Hi, Sophia. I just mentioned that At this moment, we don't expect the second or an extraordinary dividend for later this year.
Thank you, Sophia.
Thank you.
Our next questions come from Edward Palma, from Bates Investment Asset Management. Hi, Edward, please go ahead with your question.
Hi, guys. First of all, thank you for this presentation. I have two questions, mainly related to CapEx and also the cash flows of the company. For the cash flows, I would like to know if you can talk about the higher feedstock that you mentioned in the press release. For the CapEx questions, it's about the physical progress about Corpus Christi.

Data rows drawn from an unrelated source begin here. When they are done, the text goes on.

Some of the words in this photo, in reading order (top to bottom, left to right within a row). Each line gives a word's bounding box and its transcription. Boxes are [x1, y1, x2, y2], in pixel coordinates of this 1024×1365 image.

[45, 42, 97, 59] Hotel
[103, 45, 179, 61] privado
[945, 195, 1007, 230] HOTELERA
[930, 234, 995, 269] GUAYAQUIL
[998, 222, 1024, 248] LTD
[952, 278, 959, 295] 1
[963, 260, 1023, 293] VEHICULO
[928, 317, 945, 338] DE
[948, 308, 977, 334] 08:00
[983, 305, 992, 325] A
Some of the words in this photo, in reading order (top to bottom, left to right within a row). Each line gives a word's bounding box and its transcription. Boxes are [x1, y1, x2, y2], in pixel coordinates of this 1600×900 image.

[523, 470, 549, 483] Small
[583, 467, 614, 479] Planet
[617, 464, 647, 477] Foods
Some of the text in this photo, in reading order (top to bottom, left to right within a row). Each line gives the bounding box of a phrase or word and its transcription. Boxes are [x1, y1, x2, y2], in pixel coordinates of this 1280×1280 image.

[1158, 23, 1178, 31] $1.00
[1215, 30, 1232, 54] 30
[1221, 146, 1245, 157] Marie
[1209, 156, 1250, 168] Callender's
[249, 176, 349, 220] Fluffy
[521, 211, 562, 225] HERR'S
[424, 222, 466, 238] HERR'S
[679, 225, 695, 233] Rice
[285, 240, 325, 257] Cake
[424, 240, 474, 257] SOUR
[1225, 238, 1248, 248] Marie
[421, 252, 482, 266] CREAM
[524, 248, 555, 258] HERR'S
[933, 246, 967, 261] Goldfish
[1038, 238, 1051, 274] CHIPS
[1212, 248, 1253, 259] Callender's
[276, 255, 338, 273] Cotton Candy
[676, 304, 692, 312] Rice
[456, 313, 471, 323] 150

Hi, Edward. Thanks for your questions. On Corpus Christi, again, we don't report the very specific details of the progress of the project. As I mentioned, we continue to monitor its progress, and we don't have significant updates from what we shared the last time. Right now, the timeline remains for 2025. The other part of the question on the feedstock, I think that's less related to working capital. I think that's more related as, you know, as a headwind we have currently in our competitiveness. As I mentioned, I think we have concrete plans to start reverting those effects and normalizing. It will take some time, but that's, I would say, that's more an EBITDA impact rather than a material impact on cash flow.
The higher cost in feedstock is related to problems with the contracts that you have with the current parties?
I think it's more related at the feedstocks in the North American market, where we have some of our supplies coming from. We have other sources of supply from overseas. The ones in, particularly in the North American market, have additional cost pressures that are not experienced by other regions on alternative alternative values for the feedstocks needed to produce paraxylene, which is for the key petrochemical we buy. That's what we call the disconnect.
Okay. Thank you.
Mm-hmm.
Thank you, Edward. Our next questions come from Jean Baptiste Bruny from BBVA. The questions comes from the Q&A function. Jean has 3 questions. The first one is: At the end of last year, management was seeing a bottom cycle, EBITDA of $1 billion, probably challenged by new guidance. We are aware that there are many moving parts, effects, volumes, et cetera, but can we see the $770 level as the new cycle bottom? Second question is, understand that you are mentioning CCP deployment and still expect a startup in 2025, but can market cooling conditions could entice some delays? The third question is related to DAK.
I know you don't comment performance of acquired businesses, but if you could just mention if its performance since consolidation is in line, better or weaker than what we have been anticipating.
Okay. On the first question, yeah, I think we would characterize the $1 billion, perhaps that's closer to mid-cycle. I mean, today, based on some of the key variables that we follow, we think our number is closer to the lower end of the cycle. I think it will be very difficult to characterize what is exactly the bottom. Right now, I think we have some, you know, some of the macro variables, like, you know, the reference margins, and especially the Chinese reference margins. These more recent issue on paraxylene disconnect, I would say much closer to what we would call the bottom of the range that impacts us. Again, the $1 billion, I would characterize that more as a mid-cycle level or target that we still keep.
Nothing really to add on the Corpus Christi from what I just answered recent in the previous two question. On OCTAL, yes, we don't disclose that those numbers specifically, but so far it has been a positive performance on our system and very competitive asset, you know, very committed people. It's been delivering according to our original expectations. The first year it was significantly above because it was in the peak of the cycle, even today, still delivers above our expectations. It has again, a reliable and very competitive operation and outstanding feedstock position. Thank you, Jean. That was the last question in the queue. As always, I'd like to remind you that you can find both a video recording of today's webcast as well as a transcript on our website at alpek.com.
Thank you all for participating in today's Alpek webcast. Have a great day.